Just a few years ago, even the most sophisticated microscope was an isolated tool able to produce remarkable images, but in itself unable to provide answers. Only the scientist using it could add that dimension. Now, however, as in countless other sectors, AI has enabled such equipment to facilitate solutions previously impossible—with less and less human intervention.

Such functionality starts with the ability of advanced software to improve imaging quality. For example, Leica’s recently launched Thunder imager series uses a method called Computational Clearing to eliminate out-of-focus blur when using camera-based fluorescence microscopes. Such approaches enable quick, high-quality imaging of thick 3D samples.
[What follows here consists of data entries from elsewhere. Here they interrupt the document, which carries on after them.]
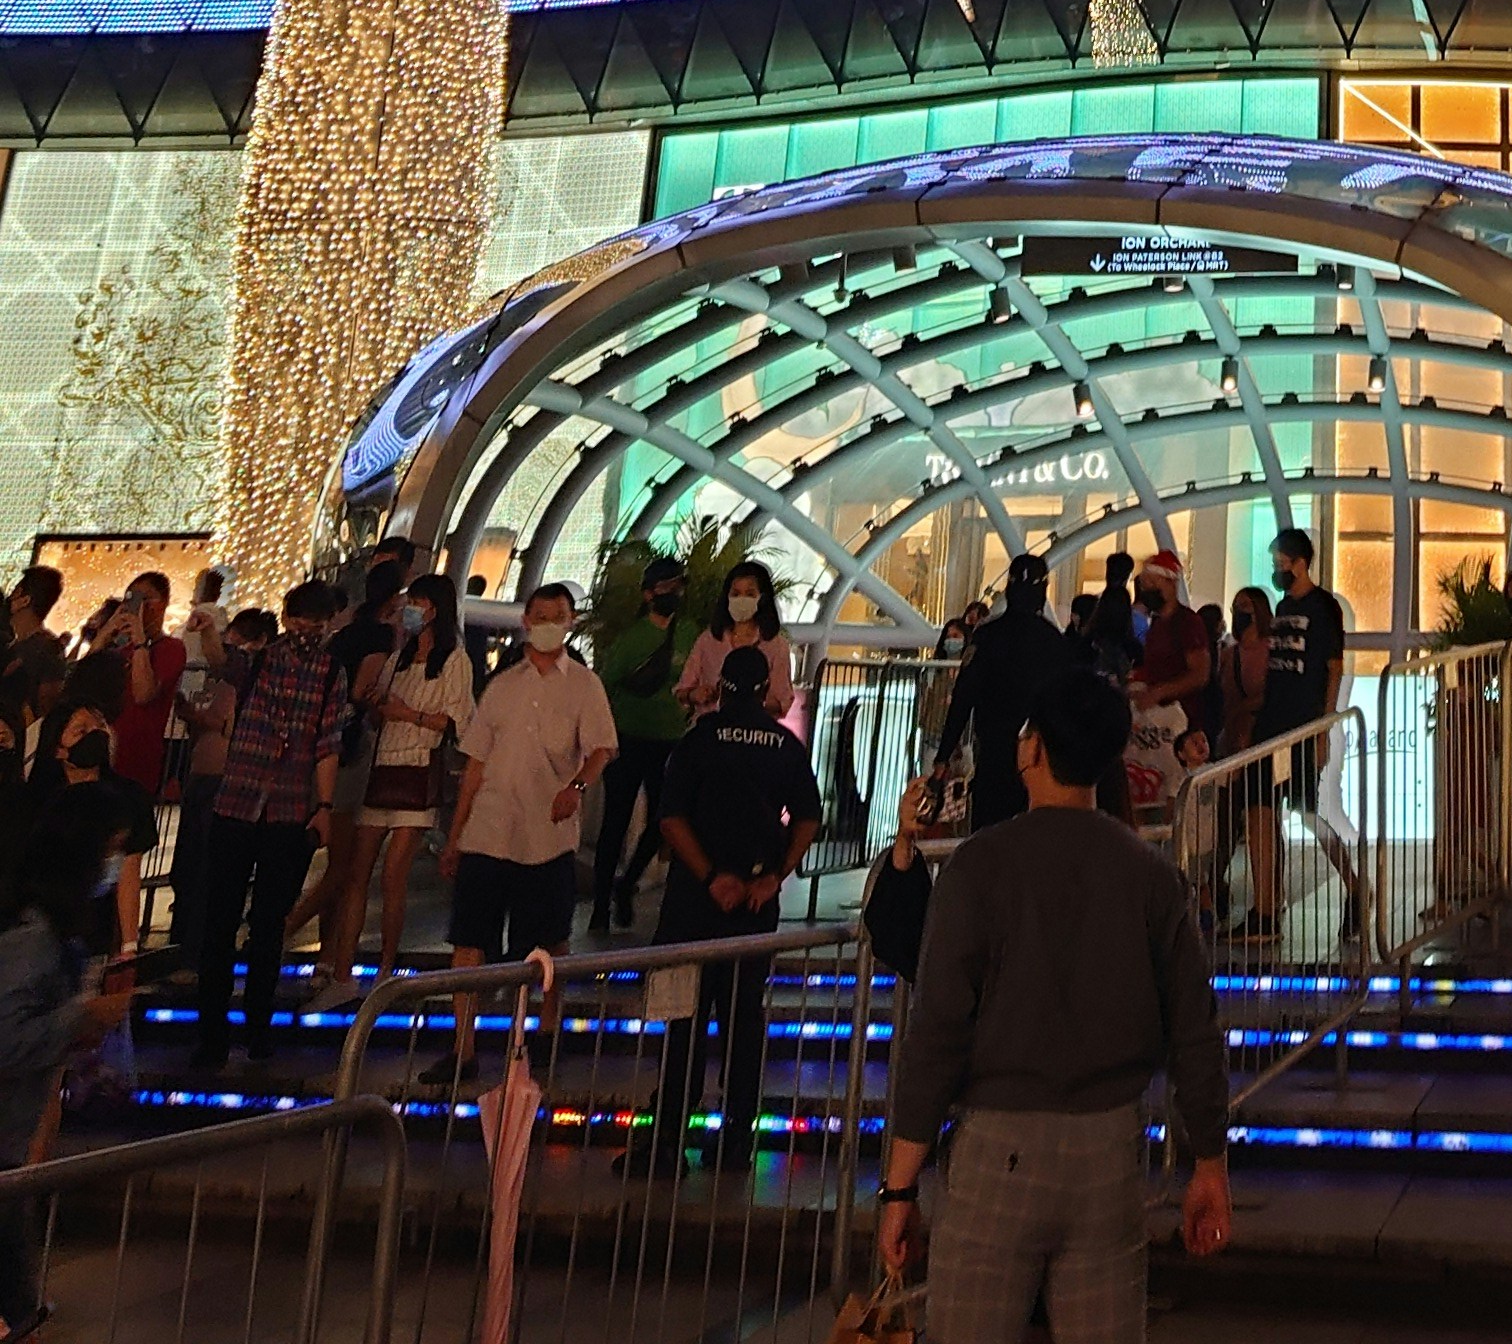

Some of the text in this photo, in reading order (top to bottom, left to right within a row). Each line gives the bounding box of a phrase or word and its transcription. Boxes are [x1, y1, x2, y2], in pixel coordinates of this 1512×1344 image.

[1121, 236, 1146, 250] ION
[1113, 252, 1130, 262] ION
[1131, 251, 1180, 262] PATERSON
[1181, 251, 1202, 262] LINK
[1124, 261, 1166, 272] Wheelock
Deep learning techniques enable intelligent systems to self-improve as they go. A human still needs to provide “training” data for the neural network to learn correct mapping, but once trained, an algorithm can operate independently (see Fig. 2). In the foreseeable future, human supervision may be made easier as machines learn how to cluster information automatically or navigate complex environments on their own.
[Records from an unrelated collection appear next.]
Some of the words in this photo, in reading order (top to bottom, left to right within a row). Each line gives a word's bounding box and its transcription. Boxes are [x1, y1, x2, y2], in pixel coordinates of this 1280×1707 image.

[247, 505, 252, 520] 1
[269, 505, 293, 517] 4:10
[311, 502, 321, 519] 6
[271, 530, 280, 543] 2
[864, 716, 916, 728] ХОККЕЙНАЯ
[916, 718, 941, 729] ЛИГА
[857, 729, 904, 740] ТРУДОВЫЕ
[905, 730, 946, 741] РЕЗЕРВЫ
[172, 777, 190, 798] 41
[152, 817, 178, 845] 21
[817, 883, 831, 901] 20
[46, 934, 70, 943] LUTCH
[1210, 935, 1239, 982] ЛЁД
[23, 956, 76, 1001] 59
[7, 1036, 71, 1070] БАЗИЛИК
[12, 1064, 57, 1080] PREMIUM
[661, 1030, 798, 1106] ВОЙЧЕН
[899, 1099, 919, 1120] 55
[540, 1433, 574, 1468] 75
As the technology matures to the point where tasks can be automated, it will increasingly liberate researchers who currently find themselves mired in tedious, time-consuming tasks. The world’s first Personal AUtomated Lab Assistant, Leica’s PAULA, is being developed as a device able to analyze imagery captured by continuous monitoring of a specimen and automate a response when there are changes.

Opening doors in science

Importantly, AI generates insights by drawing learning from large bodies of data, so instead of being anecdotal, analysis becomes objective.

In addition to quickly analyzing large data pools from a single source (for example, an individual microscope or a series of imaging systems from a single laboratory), Internet of Things (IoT) connectivity means that AI will be able to access information from networked microscopes and other laboratory devices that integrate publicly available data. Microscopes will be connected to the cloud, and via the cloud to other devices or to open-source databases such as academic publications. Cross-referencing data from the host device with data from millions of online sources will unlock a type of collaboration never before possible in life sciences, at a velocity heretofore unseen.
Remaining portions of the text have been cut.